SOURCE DATA -
□ □ □ □ □ □ □
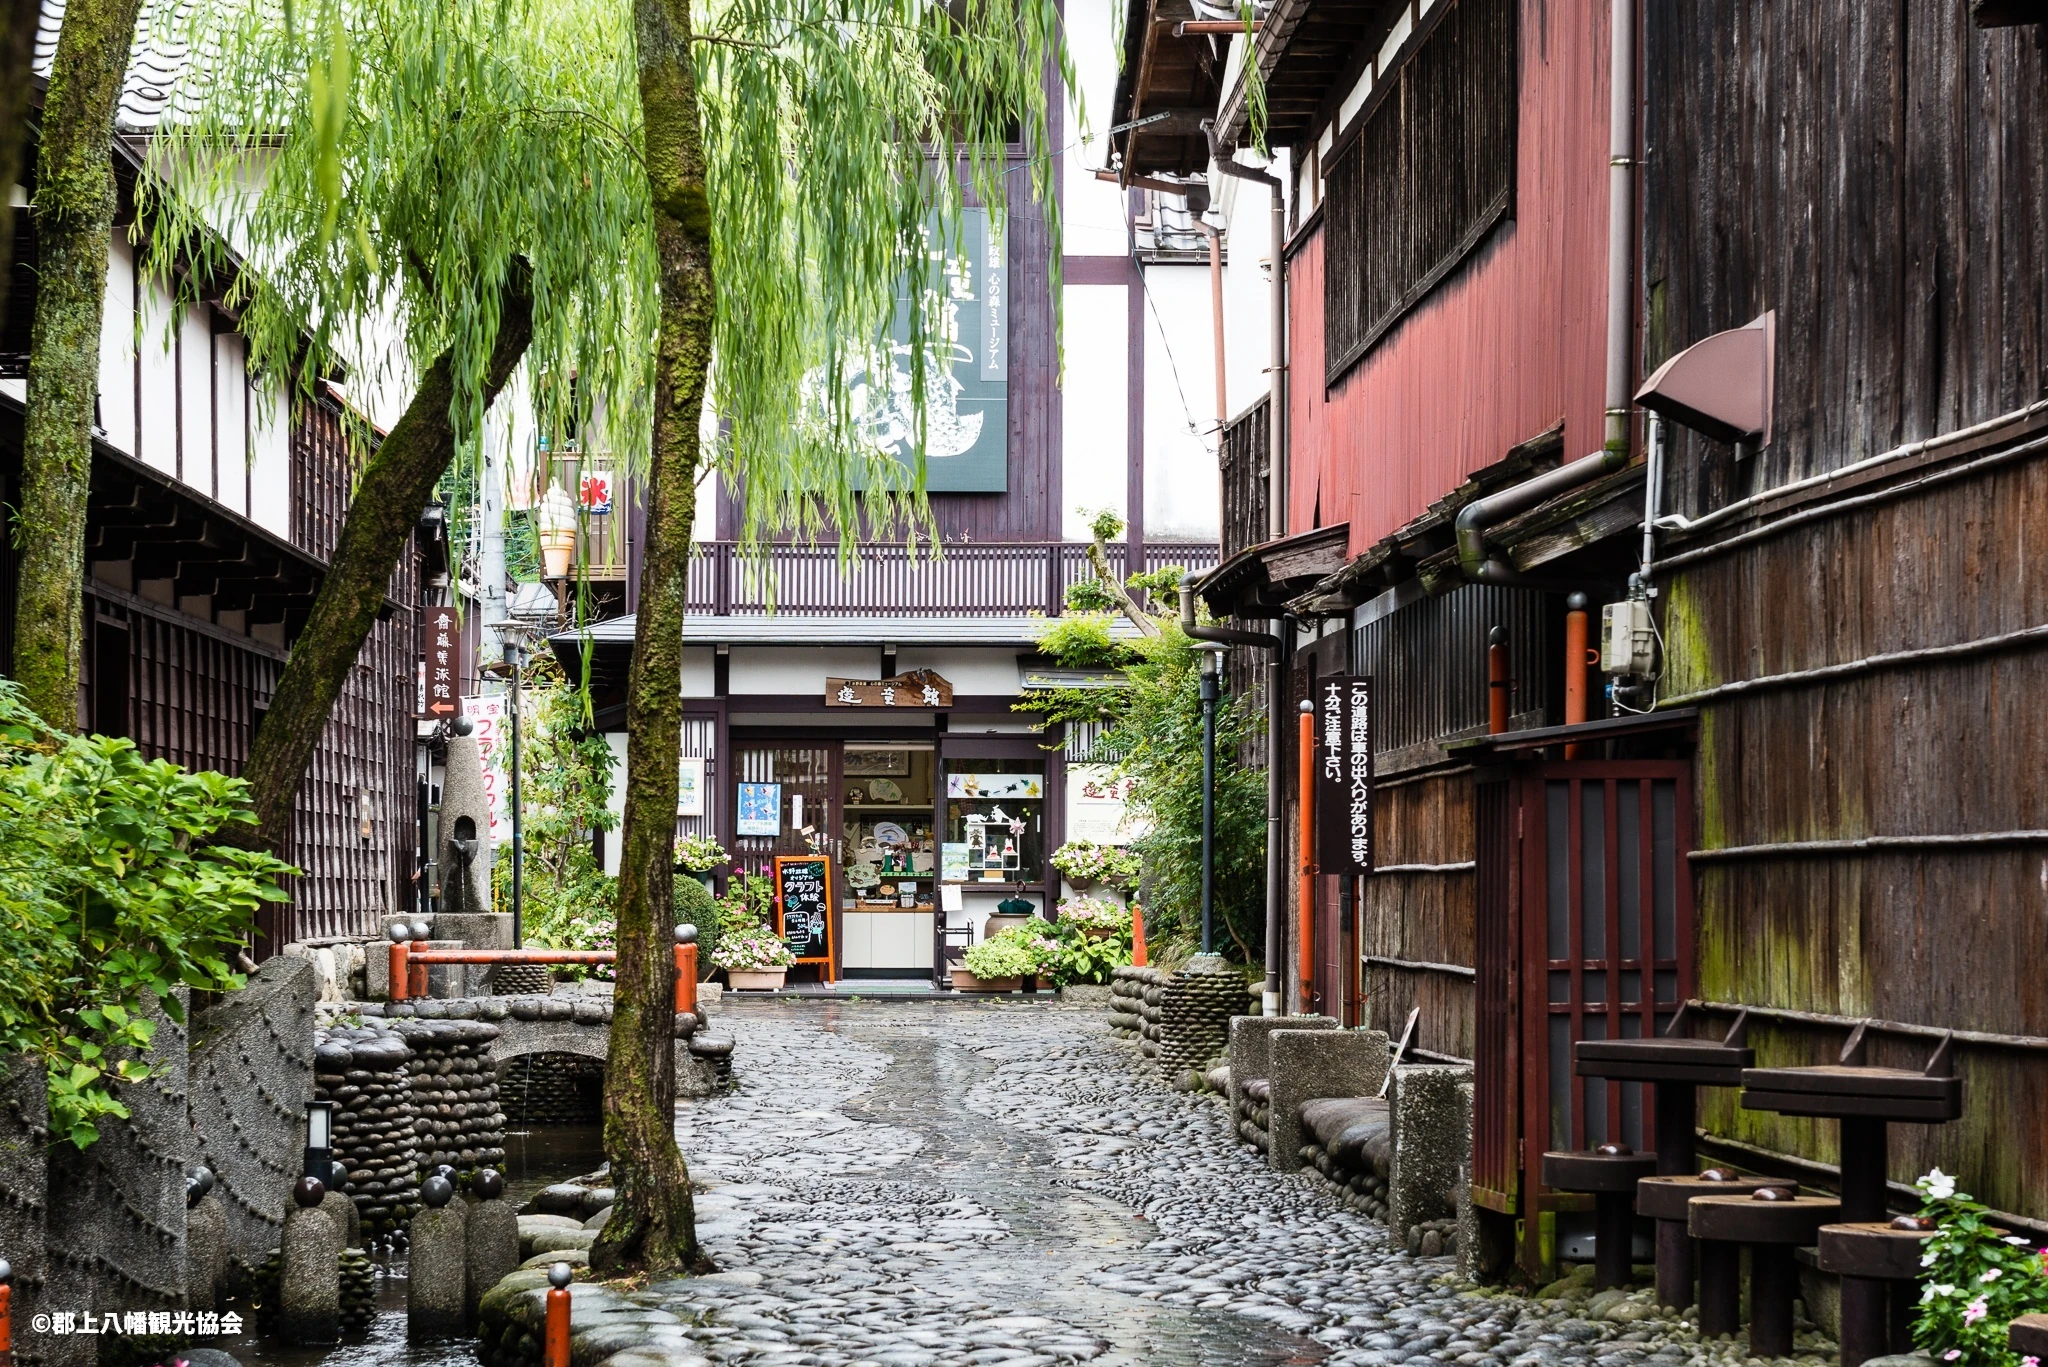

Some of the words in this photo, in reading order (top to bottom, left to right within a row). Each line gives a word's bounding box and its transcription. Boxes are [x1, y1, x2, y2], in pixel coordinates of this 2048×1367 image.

[988, 273, 1001, 370] 心の森ミュージアム
[581, 477, 608, 506] 氷
[837, 684, 940, 706] 遊童館
[1324, 682, 1342, 783] 十分ご注意下さい。
[477, 719, 498, 839] フランクフル
[1350, 681, 1368, 867] この道路は車の出入りがあります。
[784, 880, 824, 893] クラフト
[800, 892, 820, 902] 体験
□ □ □ □ □ □ □
ABOUT THIS EXERCISE - Keep the pictures out and transcribe the listing exactly.

EXERCISE OUTPUT -
Some of the words in this photo, in reading order (top to bottom, left to right within a row). Each line gives a word's bounding box and its transcription. Boxes are [x1, y1, x2, y2], in pixel coordinates of this 2048×1367 image.

[988, 273, 1001, 370] 心の森ミュージアム
[581, 477, 608, 506] 氷
[837, 684, 940, 706] 遊童館
[1324, 682, 1342, 783] 十分ご注意下さい。
[477, 719, 498, 839] フランクフル
[1350, 681, 1368, 867] この道路は車の出入りがあります。
[784, 880, 824, 893] クラフト
[800, 892, 820, 902] 体験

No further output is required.